## DATA SUPPLIED
------

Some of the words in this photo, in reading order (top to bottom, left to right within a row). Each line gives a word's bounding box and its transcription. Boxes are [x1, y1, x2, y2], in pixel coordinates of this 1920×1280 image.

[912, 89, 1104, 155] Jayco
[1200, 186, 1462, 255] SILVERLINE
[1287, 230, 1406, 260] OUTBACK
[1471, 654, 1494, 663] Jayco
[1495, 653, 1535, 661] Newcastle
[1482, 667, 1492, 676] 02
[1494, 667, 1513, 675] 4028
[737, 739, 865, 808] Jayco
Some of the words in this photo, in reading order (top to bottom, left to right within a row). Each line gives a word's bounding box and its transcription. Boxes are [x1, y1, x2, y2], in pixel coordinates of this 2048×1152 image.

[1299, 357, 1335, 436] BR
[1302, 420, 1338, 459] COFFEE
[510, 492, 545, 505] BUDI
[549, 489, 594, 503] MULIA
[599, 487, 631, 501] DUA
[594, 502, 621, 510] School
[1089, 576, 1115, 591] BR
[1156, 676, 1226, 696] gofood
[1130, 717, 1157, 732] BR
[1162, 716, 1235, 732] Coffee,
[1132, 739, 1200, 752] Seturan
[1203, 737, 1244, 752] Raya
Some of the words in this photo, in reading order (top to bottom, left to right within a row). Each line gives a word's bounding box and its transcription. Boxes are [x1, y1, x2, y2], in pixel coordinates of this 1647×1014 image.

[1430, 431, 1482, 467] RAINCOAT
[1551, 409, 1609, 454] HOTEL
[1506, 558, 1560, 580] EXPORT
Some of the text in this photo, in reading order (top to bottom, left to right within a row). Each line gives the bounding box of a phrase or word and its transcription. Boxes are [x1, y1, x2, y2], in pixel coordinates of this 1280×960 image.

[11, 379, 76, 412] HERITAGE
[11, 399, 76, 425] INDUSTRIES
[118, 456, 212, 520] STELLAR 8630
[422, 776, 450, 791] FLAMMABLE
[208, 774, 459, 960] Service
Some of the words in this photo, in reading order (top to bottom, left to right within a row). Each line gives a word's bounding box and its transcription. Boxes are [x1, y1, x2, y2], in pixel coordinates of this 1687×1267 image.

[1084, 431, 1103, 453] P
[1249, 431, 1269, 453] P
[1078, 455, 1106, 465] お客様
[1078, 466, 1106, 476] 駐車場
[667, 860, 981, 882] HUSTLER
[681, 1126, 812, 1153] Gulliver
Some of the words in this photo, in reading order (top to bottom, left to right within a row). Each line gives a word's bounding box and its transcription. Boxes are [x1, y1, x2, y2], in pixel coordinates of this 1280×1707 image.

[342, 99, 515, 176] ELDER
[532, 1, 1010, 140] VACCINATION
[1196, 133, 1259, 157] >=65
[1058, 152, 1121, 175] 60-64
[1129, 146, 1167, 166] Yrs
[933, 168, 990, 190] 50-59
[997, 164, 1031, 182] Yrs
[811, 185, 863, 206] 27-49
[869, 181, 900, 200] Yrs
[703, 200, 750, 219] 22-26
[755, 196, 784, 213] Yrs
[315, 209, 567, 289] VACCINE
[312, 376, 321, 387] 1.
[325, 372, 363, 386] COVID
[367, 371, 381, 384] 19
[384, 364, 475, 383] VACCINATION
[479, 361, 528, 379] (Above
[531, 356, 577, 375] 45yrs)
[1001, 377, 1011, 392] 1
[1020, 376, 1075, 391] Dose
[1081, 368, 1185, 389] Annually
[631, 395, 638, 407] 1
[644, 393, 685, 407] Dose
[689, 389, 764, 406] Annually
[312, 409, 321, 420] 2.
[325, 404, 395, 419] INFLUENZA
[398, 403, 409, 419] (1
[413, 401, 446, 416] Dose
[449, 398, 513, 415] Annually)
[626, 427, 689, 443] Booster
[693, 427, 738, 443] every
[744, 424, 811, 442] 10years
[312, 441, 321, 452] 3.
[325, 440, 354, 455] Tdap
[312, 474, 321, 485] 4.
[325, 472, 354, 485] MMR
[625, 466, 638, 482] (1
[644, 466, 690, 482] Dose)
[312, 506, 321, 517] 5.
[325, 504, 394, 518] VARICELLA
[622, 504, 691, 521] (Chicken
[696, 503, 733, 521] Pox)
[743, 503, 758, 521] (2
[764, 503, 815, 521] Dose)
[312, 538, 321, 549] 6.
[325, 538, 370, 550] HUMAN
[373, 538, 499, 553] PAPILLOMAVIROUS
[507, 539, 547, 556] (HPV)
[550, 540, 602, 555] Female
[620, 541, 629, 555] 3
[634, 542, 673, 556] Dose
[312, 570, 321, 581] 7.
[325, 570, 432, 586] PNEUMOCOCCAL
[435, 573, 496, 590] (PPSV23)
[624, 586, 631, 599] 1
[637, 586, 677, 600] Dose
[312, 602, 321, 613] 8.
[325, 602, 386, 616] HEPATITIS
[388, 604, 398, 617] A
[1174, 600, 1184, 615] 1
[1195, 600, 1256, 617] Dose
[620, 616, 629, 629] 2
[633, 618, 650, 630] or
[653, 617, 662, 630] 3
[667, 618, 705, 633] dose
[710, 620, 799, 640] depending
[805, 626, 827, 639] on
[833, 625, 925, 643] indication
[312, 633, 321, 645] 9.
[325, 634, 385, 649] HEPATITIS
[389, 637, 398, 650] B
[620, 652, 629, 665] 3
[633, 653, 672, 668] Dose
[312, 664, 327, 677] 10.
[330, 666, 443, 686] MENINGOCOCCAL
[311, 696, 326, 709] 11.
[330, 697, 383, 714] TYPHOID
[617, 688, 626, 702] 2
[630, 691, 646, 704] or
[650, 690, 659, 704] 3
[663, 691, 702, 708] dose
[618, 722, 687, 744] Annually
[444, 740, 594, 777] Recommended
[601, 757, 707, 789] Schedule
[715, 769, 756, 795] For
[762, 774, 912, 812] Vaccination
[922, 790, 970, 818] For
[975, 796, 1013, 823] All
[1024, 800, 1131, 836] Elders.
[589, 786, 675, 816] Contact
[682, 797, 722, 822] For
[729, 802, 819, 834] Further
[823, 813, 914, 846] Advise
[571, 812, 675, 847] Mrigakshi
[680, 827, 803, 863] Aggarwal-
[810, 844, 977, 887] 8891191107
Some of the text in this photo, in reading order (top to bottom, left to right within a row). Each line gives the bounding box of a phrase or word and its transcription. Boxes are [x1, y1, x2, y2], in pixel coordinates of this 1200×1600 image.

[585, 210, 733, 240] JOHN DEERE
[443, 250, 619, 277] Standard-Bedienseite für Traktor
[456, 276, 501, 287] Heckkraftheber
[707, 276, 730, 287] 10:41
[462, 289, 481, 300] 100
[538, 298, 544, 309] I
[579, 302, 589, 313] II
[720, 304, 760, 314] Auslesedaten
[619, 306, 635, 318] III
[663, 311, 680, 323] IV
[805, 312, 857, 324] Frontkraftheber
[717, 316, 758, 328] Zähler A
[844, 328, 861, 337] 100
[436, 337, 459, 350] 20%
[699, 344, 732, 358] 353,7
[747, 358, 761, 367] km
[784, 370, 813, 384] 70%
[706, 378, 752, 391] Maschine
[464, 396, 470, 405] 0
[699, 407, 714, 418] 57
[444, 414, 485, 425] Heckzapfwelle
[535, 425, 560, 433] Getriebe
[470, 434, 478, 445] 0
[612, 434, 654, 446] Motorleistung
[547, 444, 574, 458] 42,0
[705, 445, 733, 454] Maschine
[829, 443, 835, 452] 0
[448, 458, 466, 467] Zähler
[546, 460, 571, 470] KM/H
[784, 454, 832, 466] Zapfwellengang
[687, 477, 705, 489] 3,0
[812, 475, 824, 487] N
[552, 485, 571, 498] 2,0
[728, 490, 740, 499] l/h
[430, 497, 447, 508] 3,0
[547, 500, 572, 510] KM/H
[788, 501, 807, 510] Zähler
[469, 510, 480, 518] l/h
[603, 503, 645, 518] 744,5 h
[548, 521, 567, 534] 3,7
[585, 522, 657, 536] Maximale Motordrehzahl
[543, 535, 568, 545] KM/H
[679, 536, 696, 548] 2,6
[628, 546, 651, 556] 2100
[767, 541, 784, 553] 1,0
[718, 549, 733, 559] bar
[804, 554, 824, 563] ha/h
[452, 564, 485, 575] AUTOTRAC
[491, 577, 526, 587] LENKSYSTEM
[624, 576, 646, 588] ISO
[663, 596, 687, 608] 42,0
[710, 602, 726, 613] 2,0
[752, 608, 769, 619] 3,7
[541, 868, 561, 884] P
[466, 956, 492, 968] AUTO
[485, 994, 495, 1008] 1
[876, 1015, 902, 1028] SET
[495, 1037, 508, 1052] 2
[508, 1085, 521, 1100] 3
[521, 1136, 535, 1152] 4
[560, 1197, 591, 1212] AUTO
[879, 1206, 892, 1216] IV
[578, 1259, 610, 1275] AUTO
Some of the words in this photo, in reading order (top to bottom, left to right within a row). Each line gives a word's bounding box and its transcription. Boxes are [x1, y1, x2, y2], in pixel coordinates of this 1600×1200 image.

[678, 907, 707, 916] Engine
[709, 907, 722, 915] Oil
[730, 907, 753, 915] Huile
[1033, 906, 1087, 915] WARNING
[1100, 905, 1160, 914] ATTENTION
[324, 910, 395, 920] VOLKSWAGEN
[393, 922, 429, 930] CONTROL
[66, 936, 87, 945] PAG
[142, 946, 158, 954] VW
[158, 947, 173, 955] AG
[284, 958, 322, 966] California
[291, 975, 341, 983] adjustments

------

Leave out every line before the one containing "this 1600×1200 image."; set down that line and all remaining lines of the material exactly.

Some of the words in this photo, in reading order (top to bottom, left to right within a row). Each line gives a word's bounding box and its transcription. Boxes are [x1, y1, x2, y2], in pixel coordinates of this 1600×1200 image.

[678, 907, 707, 916] Engine
[709, 907, 722, 915] Oil
[730, 907, 753, 915] Huile
[1033, 906, 1087, 915] WARNING
[1100, 905, 1160, 914] ATTENTION
[324, 910, 395, 920] VOLKSWAGEN
[393, 922, 429, 930] CONTROL
[66, 936, 87, 945] PAG
[142, 946, 158, 954] VW
[158, 947, 173, 955] AG
[284, 958, 322, 966] California
[291, 975, 341, 983] adjustments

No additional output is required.